A Ferrari iniciou o desenvolvimento de um motor descrito como “revolucionário”, mantido em grande sigilo para a próxima temporada da Fórmula 1, como informou o site italiano Motorsport.com. A nova unidade de potência contará com um sistema de admissão inédito, prometendo marcar uma interrupção tecnológica quando relacionado aos motores atuais.
Por conta do novo regulamento da Fórmula 1 que entrará em vigor a partir de 2026, as mudanças técnicas representarão uma das maiores da história da categoria. Os carros terão 50% de eletrificação, combustíveis sustentáveis e aerodinâmica ativa, fazendo com que as equipes arrumem soluções criativas, além dos fabricantes de motores.
Segundo informações, a Ferrari está desenvolvendo um novo cabeçote de cilindros em liga de alumínio, sendo equipado com um sistema de admissão totalmente secreto. O desfecho atual é substituir o projeto anterior, em aço, que foi planejado por Wolf Zimmermann, até então, chefe de pesquisa e desenvolvimento do motor de combustão interna, descartado por conta de problemas de confiabilidade.
Zimmermann deverá sair permanentemente da Scuderia assim que finalizar o motor de 2026, tendo como destino provável a Audi F1, que assumirá o lugar da Sauber e estreará na F1 na próxima temporada. Quem também deve dar adeus a equipe de Maranello é seu vice, Lars Schmidt, fazendo com que Enrico Gualtieri, atual diretor técnico da divisão de unidades de potência, assumindo o comando do departamento na Scuderia.
A troca de conceito de até de liderança técnica teria afetado o cronograma de desenvolvimento, fazendo com que a Ferrari atrasasse e tivesse uma pequena desvantagem da Mercedes, que até então, é considerada a fabricante mais adiantada na preparação do carro de acordo com as novas regras. Retornando oficialmente para a Fórmula 1 como fornecedora da Aston Martin, a Honda também está próxima do estádio do time alemão.

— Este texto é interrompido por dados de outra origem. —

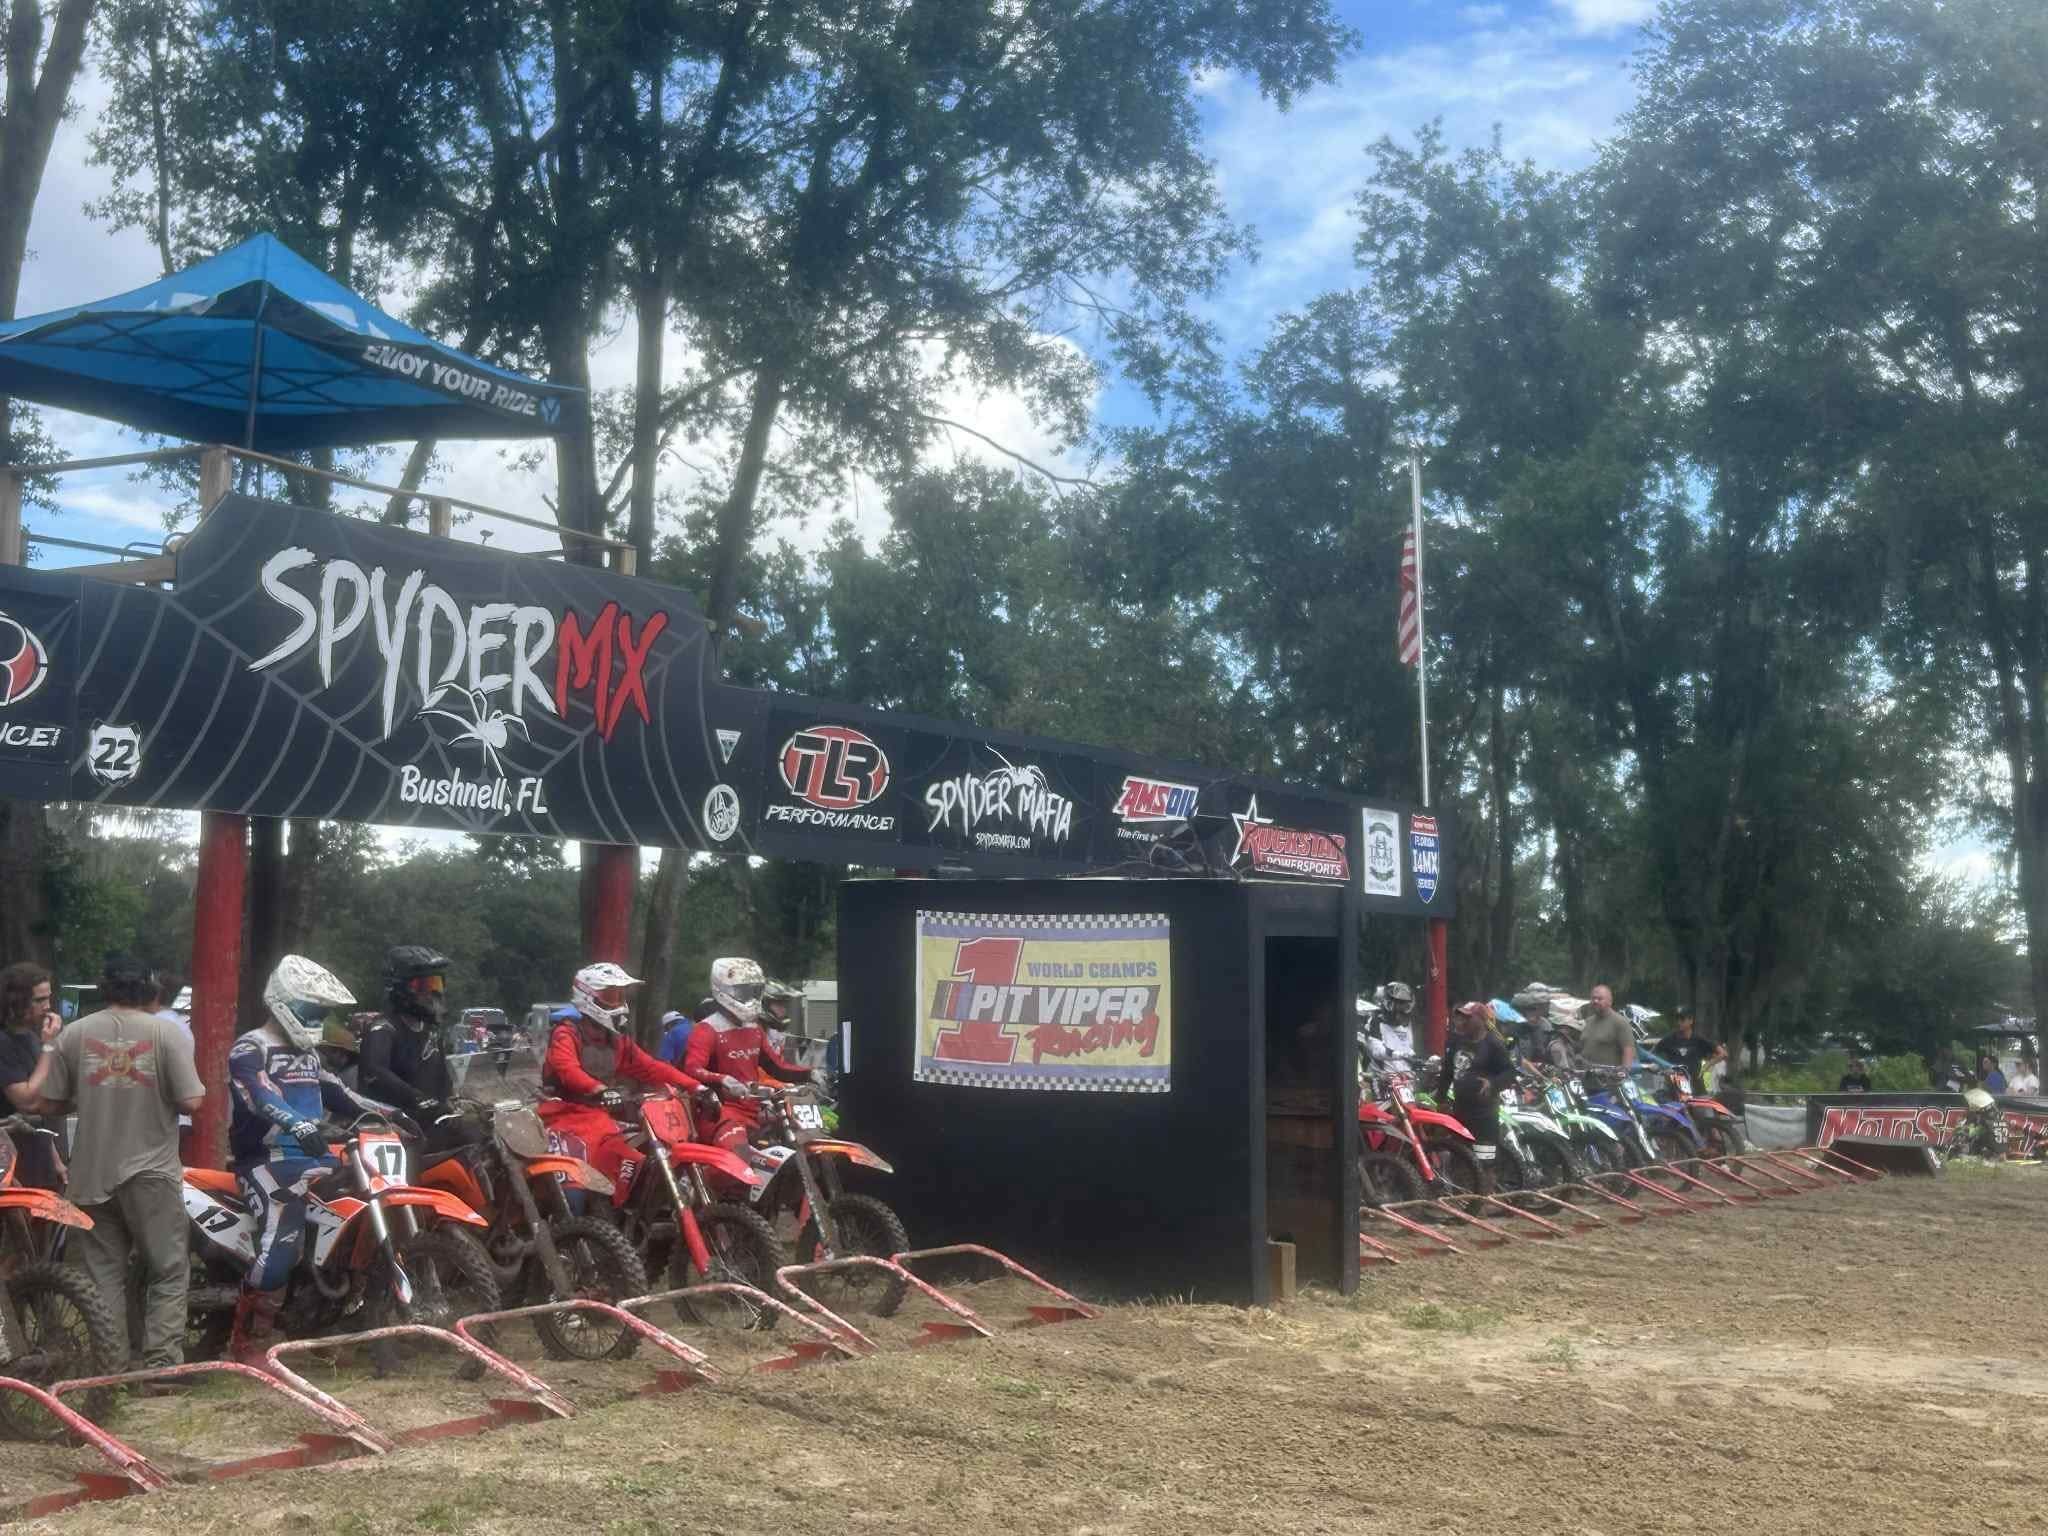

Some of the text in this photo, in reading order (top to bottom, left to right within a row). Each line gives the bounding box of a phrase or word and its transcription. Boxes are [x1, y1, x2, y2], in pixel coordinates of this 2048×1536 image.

[361, 345, 540, 416] ENJOY YOUR RIDE
[94, 737, 136, 771] 22
[792, 731, 881, 804] TLR
[516, 777, 549, 814] FL
[925, 773, 1073, 843] SPYDER MAFIA
[1116, 778, 1198, 819] AMSOIL
[1266, 855, 1342, 876] POWERSPORTS
[1027, 961, 1158, 978] WORLD CHAMPS
[968, 985, 1151, 1026] PIT VIPER
[374, 1145, 402, 1176] 17

De acordo com as informações do Motorsport.com, mesmo com o contratempo, o novo projeto da Ferrari é tido internamente como promissor e deve garantir uma boa competitividade à equipe. Este segue sendo o motivo da Scuderia colocar foco máximo para não ter prejuízos, em relação à Mercedes, que historicamente tem dominado a categoria, após as mudanças de regulamento de motores feitas em 2014.
É importante relembrar que Lewis Hamiltom e Charles Leclerc seguem enfrentando problemas com o carro atual, o SF-25, porém poderão ter sucesso a partir da próxima temporada, por conta da nova tecnologia adicionada.